[Dataset entries]
________________

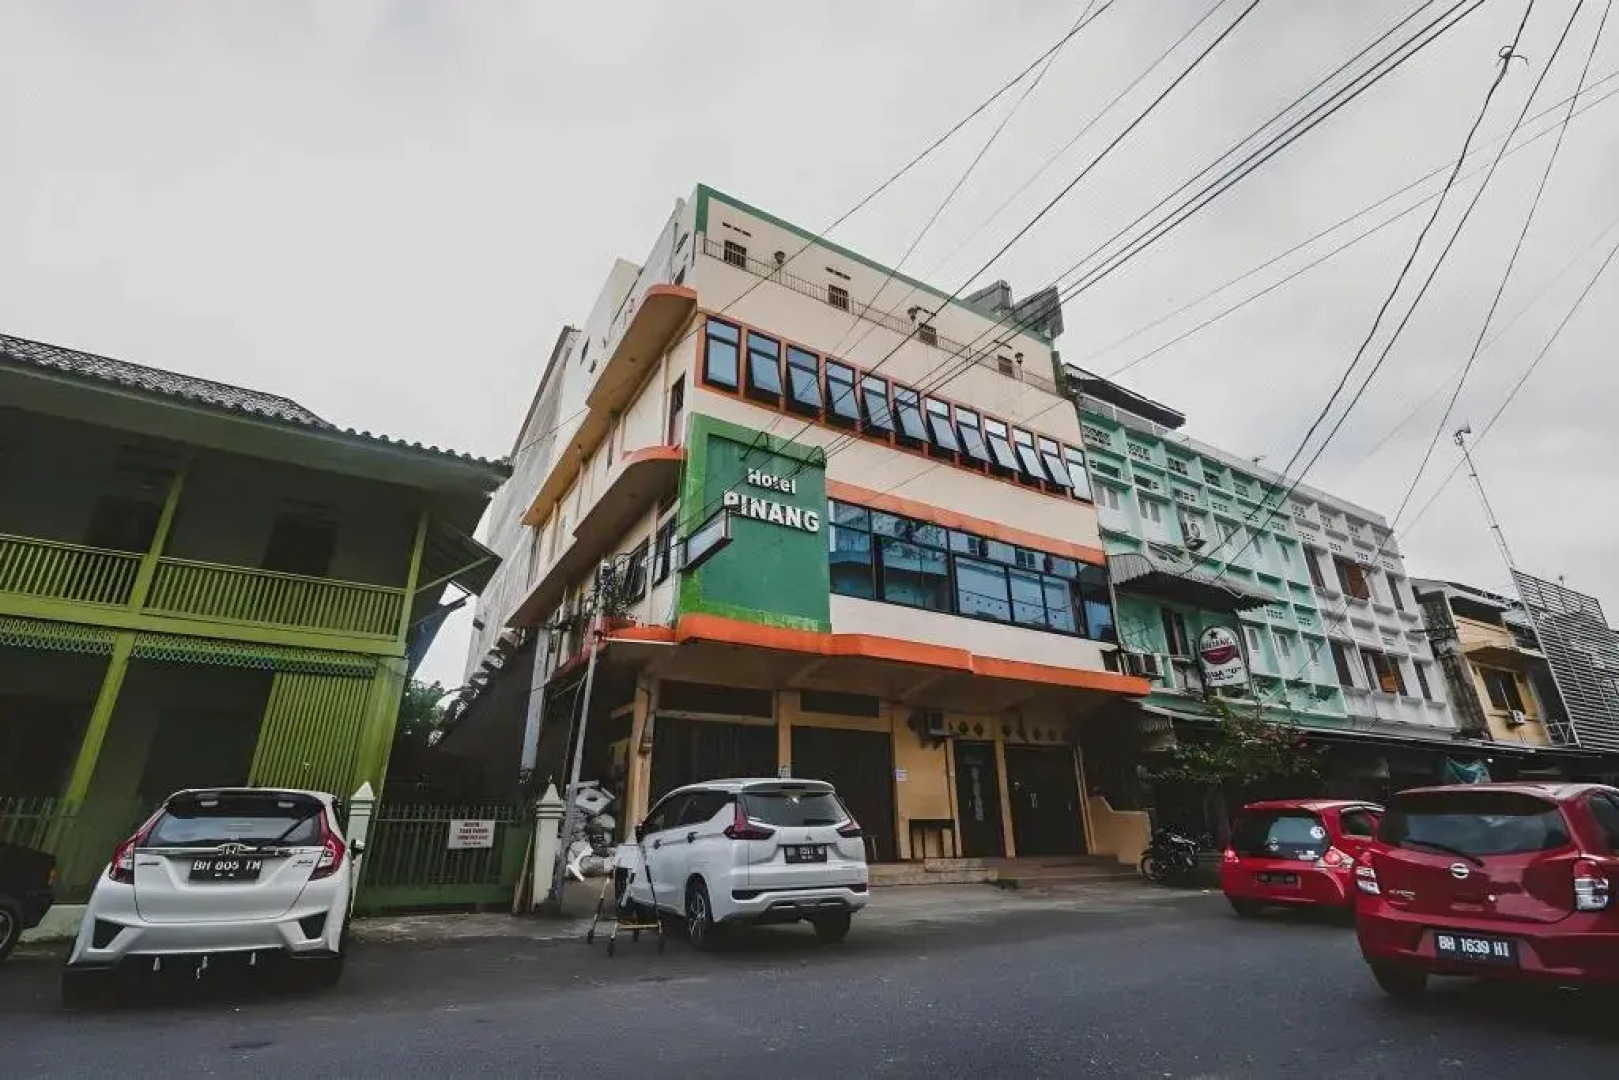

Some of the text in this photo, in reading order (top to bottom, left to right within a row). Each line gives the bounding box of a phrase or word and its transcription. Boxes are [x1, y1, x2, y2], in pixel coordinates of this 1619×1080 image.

[747, 467, 796, 494] Hotel
[724, 490, 820, 532] PINANG
[1438, 935, 1509, 957] BH 1639 HI
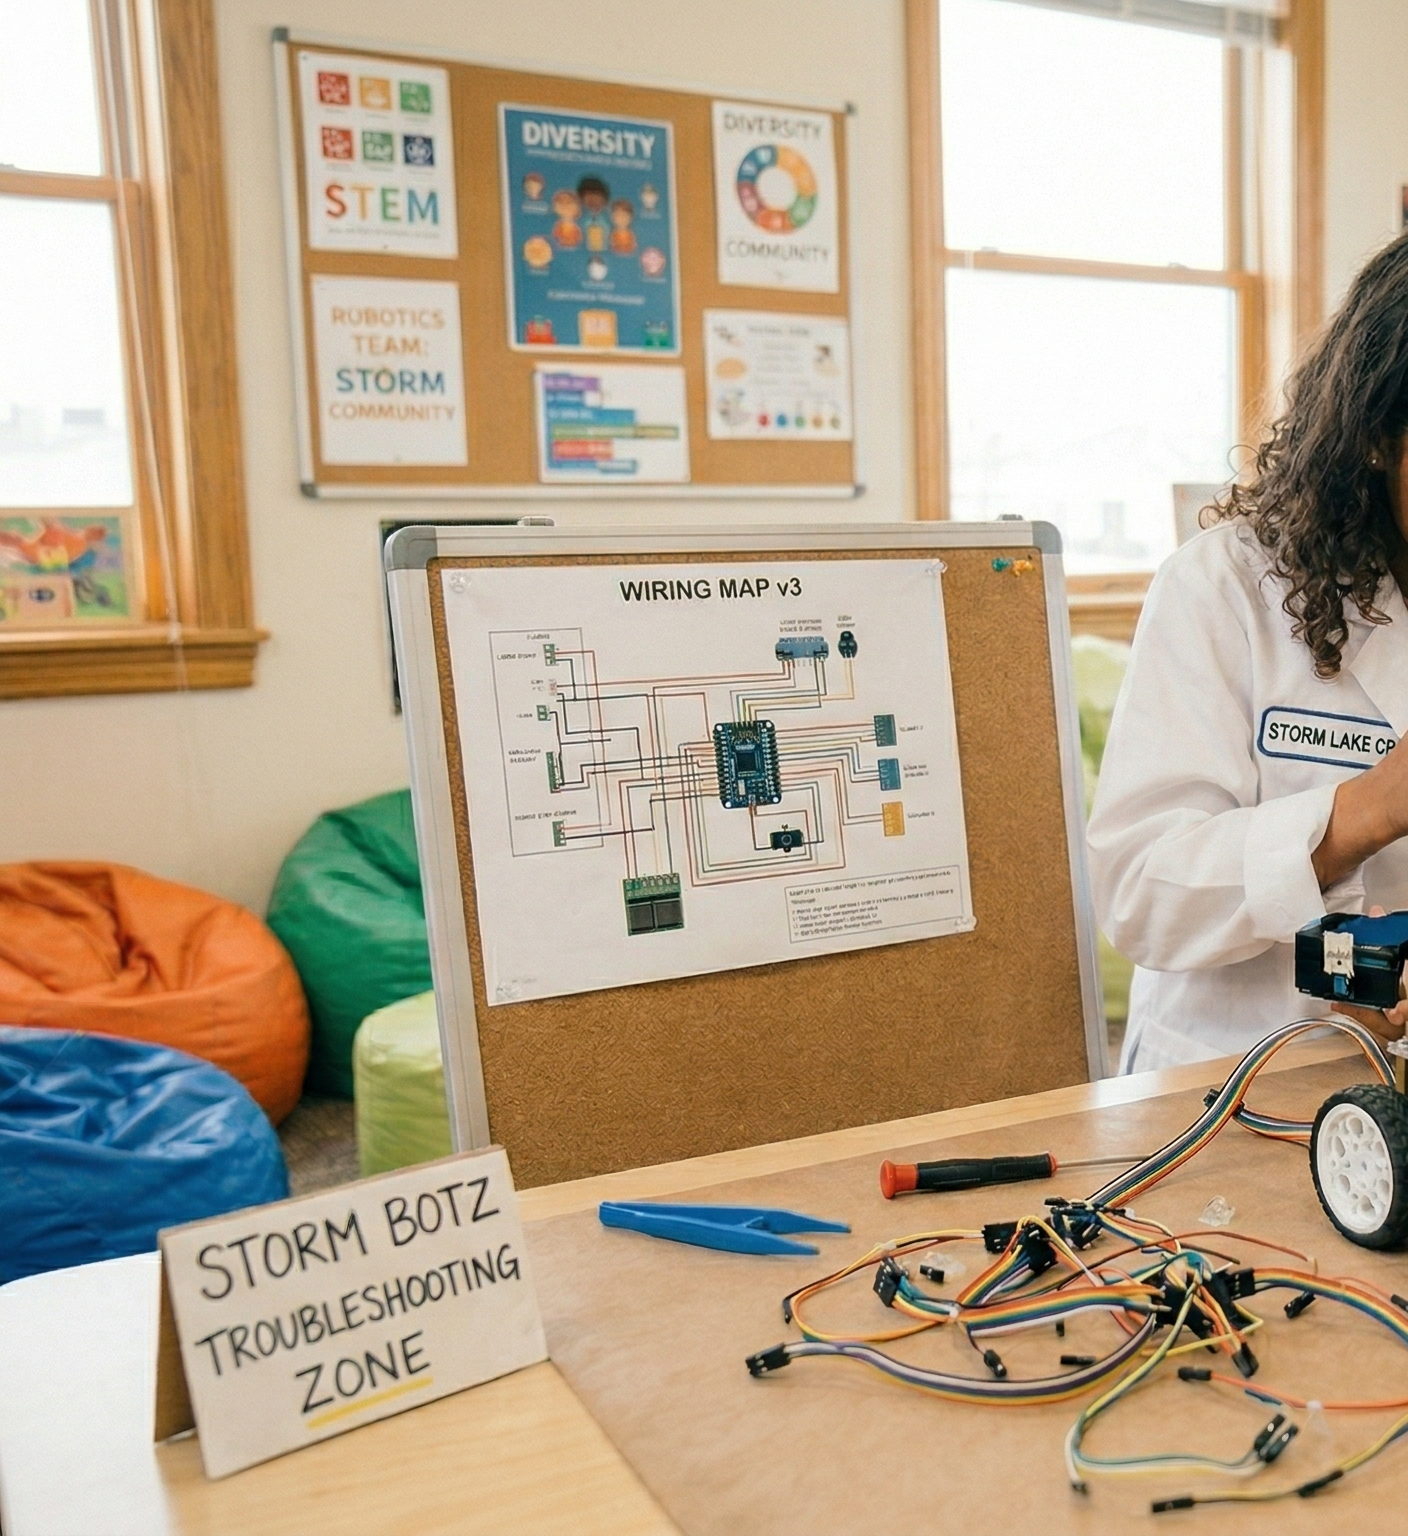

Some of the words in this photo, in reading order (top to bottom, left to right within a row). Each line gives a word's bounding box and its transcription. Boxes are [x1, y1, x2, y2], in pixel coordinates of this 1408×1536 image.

[522, 120, 655, 158] DIVERSITY
[723, 112, 823, 141] DIVERSITY
[325, 183, 440, 225] STEM
[727, 239, 831, 264] COMMUNITY
[331, 306, 445, 330] ROBOTICS
[352, 333, 429, 357] TEAM:
[336, 367, 446, 395] STORM
[329, 401, 456, 421] COMMUNITY
[620, 579, 711, 601] WIRING
[719, 577, 770, 599] MAP
[777, 577, 803, 597] v3
[1268, 722, 1327, 746] STORM
[1330, 730, 1372, 753] LAKE
[198, 1212, 367, 1299] STORM
[384, 1177, 499, 1246] BOTZ
[195, 1244, 520, 1375] TROUBLESHOOTING
[296, 1332, 430, 1413] ZONE

________________

**WORK REQUIRED**
What the response needs is every entry, repeated exactly, and none of the pictures.

**REPLY**
Some of the text in this photo, in reading order (top to bottom, left to right within a row). Each line gives the bounding box of a phrase or word and its transcription. Boxes are [x1, y1, x2, y2], in pixel coordinates of this 1619×1080 image.

[747, 467, 796, 494] Hotel
[724, 490, 820, 532] PINANG
[1438, 935, 1509, 957] BH 1639 HI

Some of the words in this photo, in reading order (top to bottom, left to right within a row). Each line gives a word's bounding box and its transcription. Boxes are [x1, y1, x2, y2], in pixel coordinates of this 1408×1536 image.

[522, 120, 655, 158] DIVERSITY
[723, 112, 823, 141] DIVERSITY
[325, 183, 440, 225] STEM
[727, 239, 831, 264] COMMUNITY
[331, 306, 445, 330] ROBOTICS
[352, 333, 429, 357] TEAM:
[336, 367, 446, 395] STORM
[329, 401, 456, 421] COMMUNITY
[620, 579, 711, 601] WIRING
[719, 577, 770, 599] MAP
[777, 577, 803, 597] v3
[1268, 722, 1327, 746] STORM
[1330, 730, 1372, 753] LAKE
[198, 1212, 367, 1299] STORM
[384, 1177, 499, 1246] BOTZ
[195, 1244, 520, 1375] TROUBLESHOOTING
[296, 1332, 430, 1413] ZONE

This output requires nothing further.